Significantly, the SS-SBE interactions observed at 10 to 15 DAP of endosperm development in Figure 2B were not observed when plastid lysates were preincubated with APase (which causes nonspecific dephosphorylation), suggesting that the SS-SBE interactions observed in wheat endosperm are developmentally regulated and also phosphorylation dependent. Lysates of late-stage endosperm amyloplasts that were not incubated with ATP showed the same coimmunoprecipitation phenomena as those incubated with ATP (data not shown), suggesting that the phosphorylation state of the enzymes is not markedly altered by exogenous ATP (given at 1 mm). Reciprocal experiments demonstrate that both forms of SBEII are co-precipitated by antibodies to SSI and SSII. Figure 2C illustrates the coimmunoprecipitation of SBEIIb in a phosphorylation-dependent manner. Immunoblots of proteins immunoprecipitated with anti-SBEII antisera were also developed with other available wheat-specific antibodies: anti-plastidial starch phosphorylase, anti-plastidial 1,4-α-d-glucan:1,4-α-d-glucan, 4-α-d-glucanotransferase (disproportionating enzyme, d-enzyme), and anti-isoamylase. None showed coimmunoprecipitation with anti-SBEII and anti-SS antibodies at the early tissue developmental stages investigated or as a function of the phosphorylation status of the stromal preparations (data not shown).

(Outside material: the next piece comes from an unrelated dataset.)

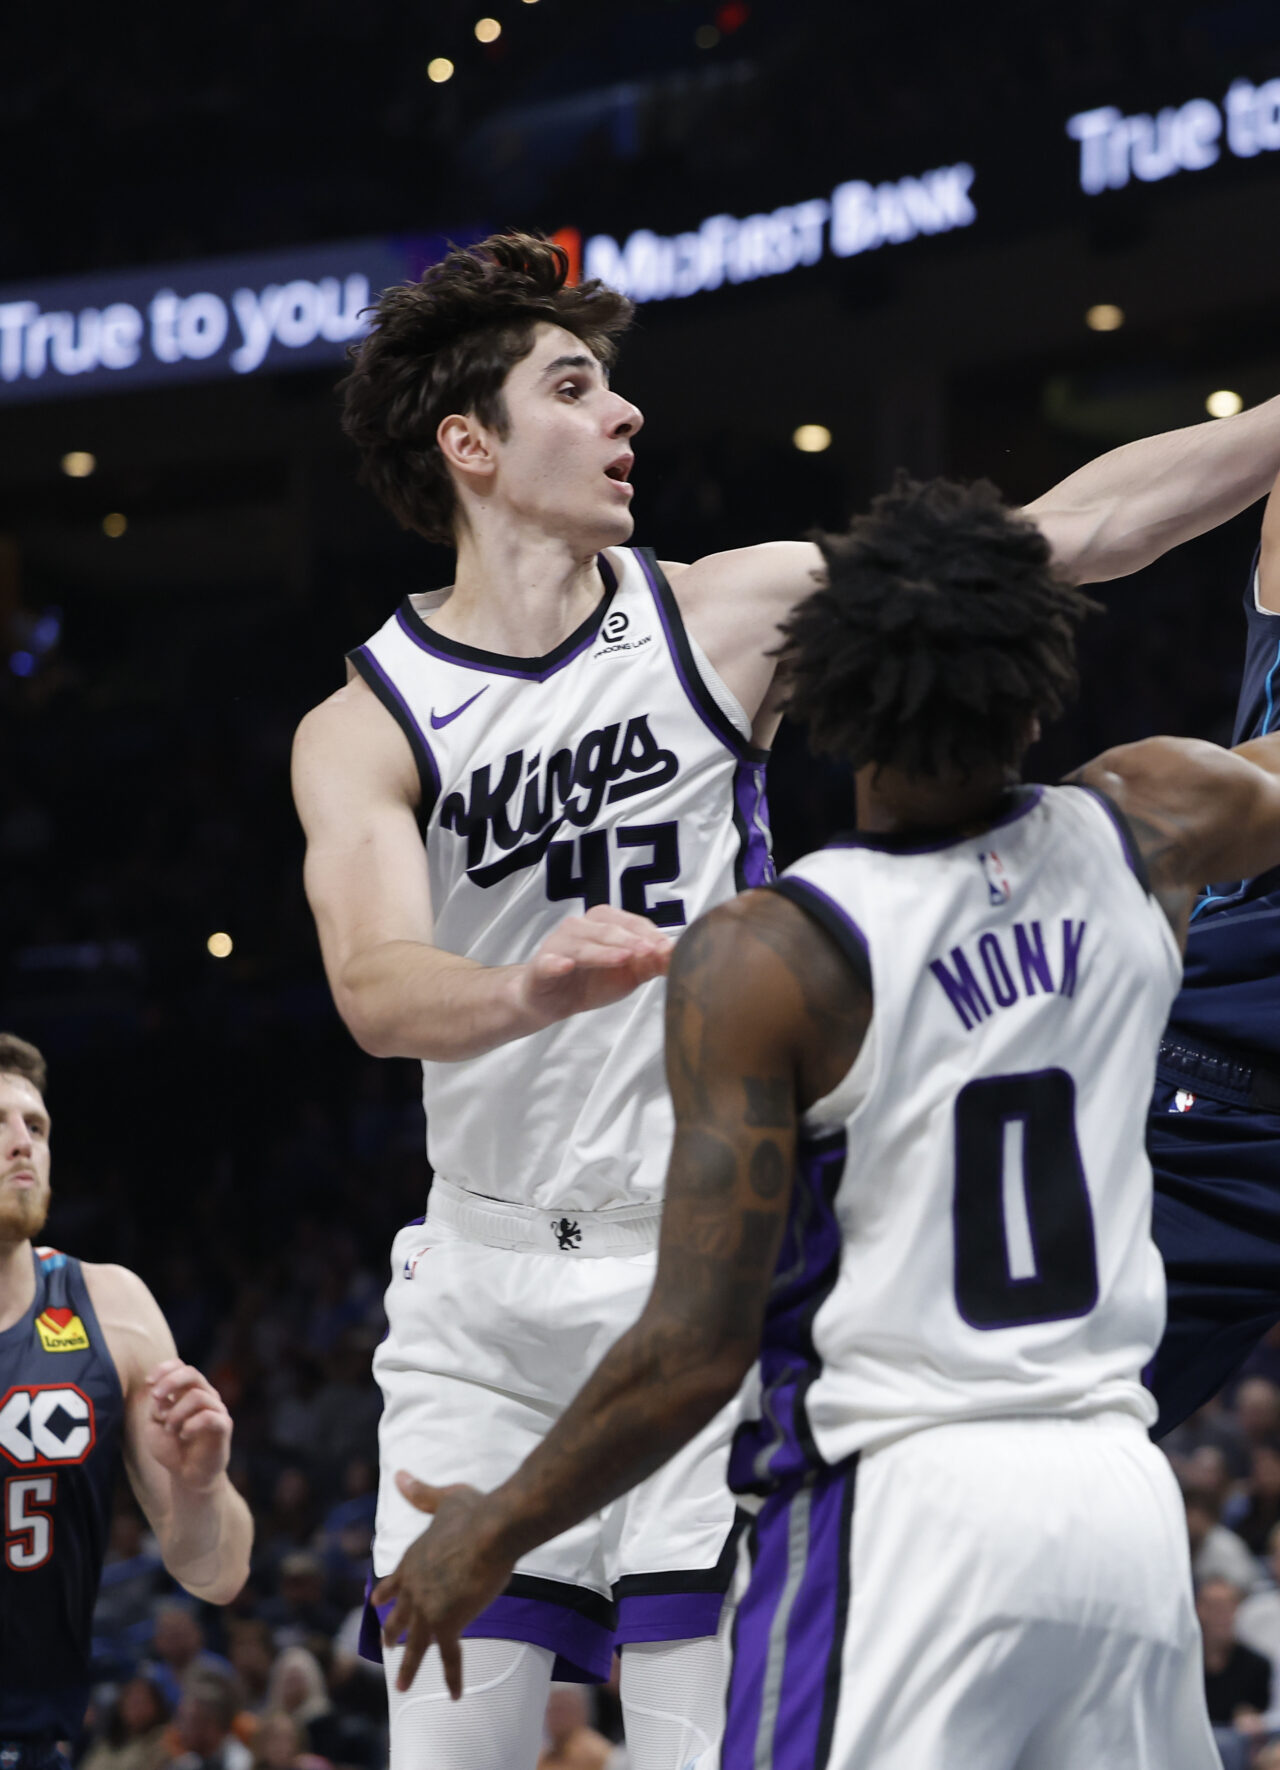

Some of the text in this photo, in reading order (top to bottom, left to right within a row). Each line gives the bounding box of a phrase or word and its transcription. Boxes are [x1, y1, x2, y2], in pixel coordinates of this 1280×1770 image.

Identification of Protein Complex Components in Amyloplasts by Chemical Cross Linking

Stromal proteins from amyloplasts isolated from endosperm at 10 to 15 DAP were separated by gel filtration chromatography. Eluted column fractions were then immediately incubated with the homobifunctional cross-linking reagent bis (sulfosuccinimidyl) suberate (BS3), and the proteins were separated by SDS-PAGE, electroblotted and developed with various anti-SBE and anti-SS antisera. Figure 3A shows the electroblotted, cross-linked proteins from column fractions containing the two major peaks of SS and SBE activities, corresponding to the HMW fractions (containing putative protein complexes) and the LMW fractions (containing monomeric forms of SS and SBE; Fig. 1). Cross linking of proteins in the HMW fraction facilitated detection of a product of approximately 260 kD that displays cross-reactivity with anti-SBEII, anti-SSI, and anti-SSII antisera (Fig. 3A). Another cross-linked product of approximately 180 kD was observed in the HMW fraction, which showed cross-reactivity only with anti-SBEIIa or anti-SBEIIb antisera (Fig. 3A). Cross-linking experiments with the LMW fractions demonstrated the presence of only monomeric forms of SBEII (88 kD), SSI (75 kD), and SSII (85 kD), as expected. Similar HMW, cross-linked products were obtained when amyloplast lysates were incubated with BS3 prior to separation of proteins by gel filtration chromatography (data not shown). Figure 3A shows that when proteins separated by gel filtration chromatography are incubated with APase prior to cross linking with BS3 (eluted column fractions were pretreated with APase prior to the addition of BS3), the protein complexes in the HMW fraction dissociate into monomers, and no aggregated SS or SBE products could be detected.

Figure 3.
Cross-linking protein complexes in amyloplasts. A, Amyloplasts isolated from wheat endosperm at 10 to 15 DAP were lysed and stromal proteins (1.2–1.6 mg protein cm−3) separated by gel filtration chromatography. Fractions were immediately ...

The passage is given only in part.